Later that week Esther watched her Nana sniff her dad's clothes.
“Why are you doing that?”
She didn’t reply but sat rocking whispering through her tears.
“It isn’t fair. Not again and so soon after your granddad; how for heaven’s sake can this be God’s will?”
Esther would have given the world to have her daddy back again.
Her lovely Nanny returned to Coventry carrying her son’s typewriter. The last thing her Nana had done was to hug them on the front door step; the step where a Daily Mirror photographer flashed his light.
“Is that the one you mean, darling?” asked the girl in the flower shop; opposite the hospital where Esther’s dad had died. There were flowers everywhere!”
She turned to her mum.
“You did promise that we could choose flowers for our Daddy didn’t you Mummy?” May was unable to answer her daughter. The man who had been her world gone.
May touched Esther on her shoulder.
“Please, darling, pick me some flowers.
“I’m doing my best writing for daddy.
The next day she said to her mum
“My tummy aches and I can’t stop thinking about Daddy in the chapel of rest. Why is it called that?”
May stood near the cluttered sink with her hand on a cornflakes packet.
“It’s where people get taken when they are dead and can rest and where their families, who will always love them, can go and pay their respects”
Esther wrinkled her nose and stood one foot on top of the other in the kitchen as her mummy poured orange juice into their plastic mugs. A robin hopped from one stone to the next in the garden before settling on the fork handle that her dad wouldn't come back for.
“What do you mean respects? They are dead. How will they know who goes to see them? Didn’t Nana say Daddy was in a garden with Jesus? Perhaps we should go there instead!”
Esther sadly watched as her beloved mummy, with a strained, pale face and red nose, began to balance eggs with lions on, one at a time, on a dessert-spoon with a plop and a splash that tickled her nose, into the bubbling water.
She turned the electric plate down and with a flick of a switch she turned off the electric kettle on the work-top; that Esther had watched her daddy install. Somehow May regained her composure.
“It’s difficult, darling but when you are older you'll understand. She turned her face away from Esther and swallowed.
“I'd rather think of him with us at the seaside, playing his accordion, or tickling my toes beneath my sheets. I know Daddy wouldn’t want us to cry!”
May didn’t know what to say to comfort anyone.
“Would you like to go and visit your Daddy in the chapel of rest? He will be in his coffin but you mustn’t think you have to go, though!”
“If he doesn’t know I am there, then why should I go?”
Esther wanted to say how scared she was of death or how she shivered when a coffin went past her anywhere.
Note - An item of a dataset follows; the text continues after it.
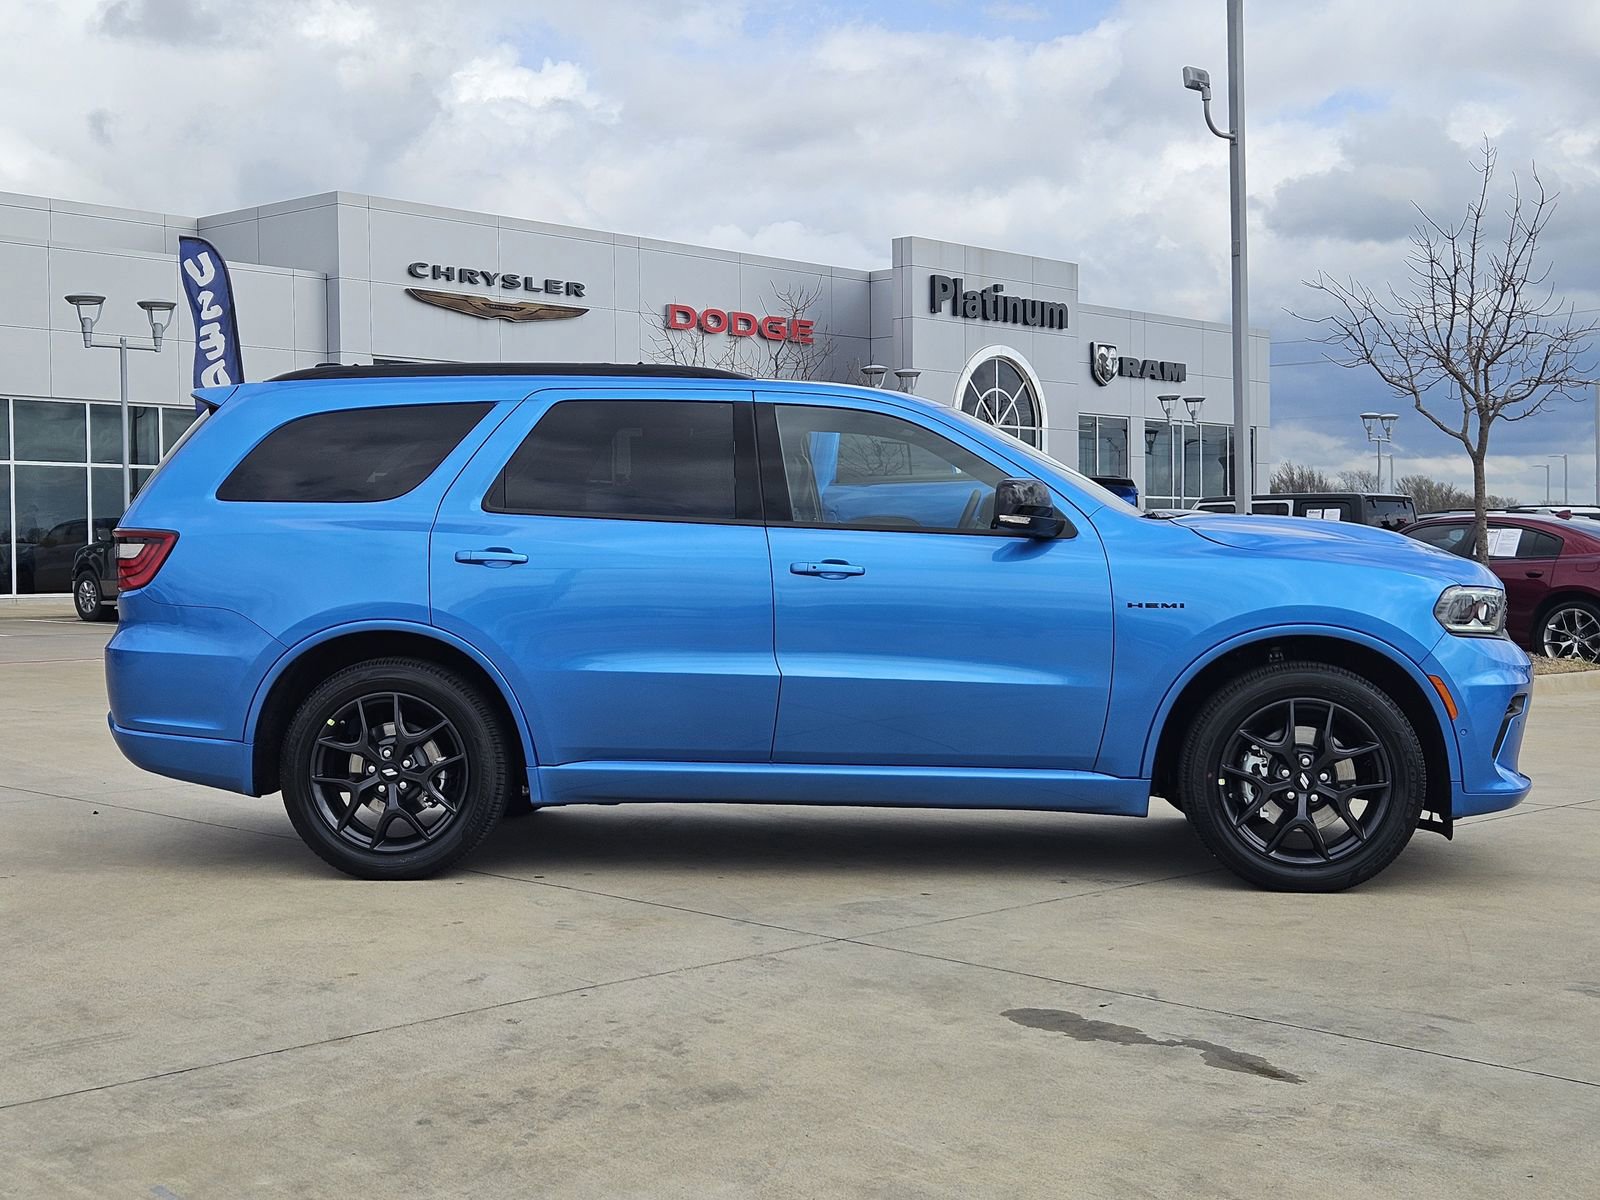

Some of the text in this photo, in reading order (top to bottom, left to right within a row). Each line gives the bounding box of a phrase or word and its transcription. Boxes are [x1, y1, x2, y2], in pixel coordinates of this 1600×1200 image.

Children out with their parents stood still with the youngest not knowing why. Then an odd silence crept like a dark overcoat encasing them in a bubble away from the distant humming traffic heading towards Southend where, no more as a united family, would they ever be able to return.
“I don’t think I do want to see Daddy in a coffin. I would rather think of him in his hospital bed”.
On the kitchen windowsill there stood three little tubes with their lids now firmly back on.
“See the metal thingy inside,” her father had said to her and her brothers, only a short time before. He demonstrated, “you blow through and you will get hundreds and hundreds of bubbles”.
He was right. Their life had been brimming with bubbles. Now the bubbles would disappear and the storms take their place.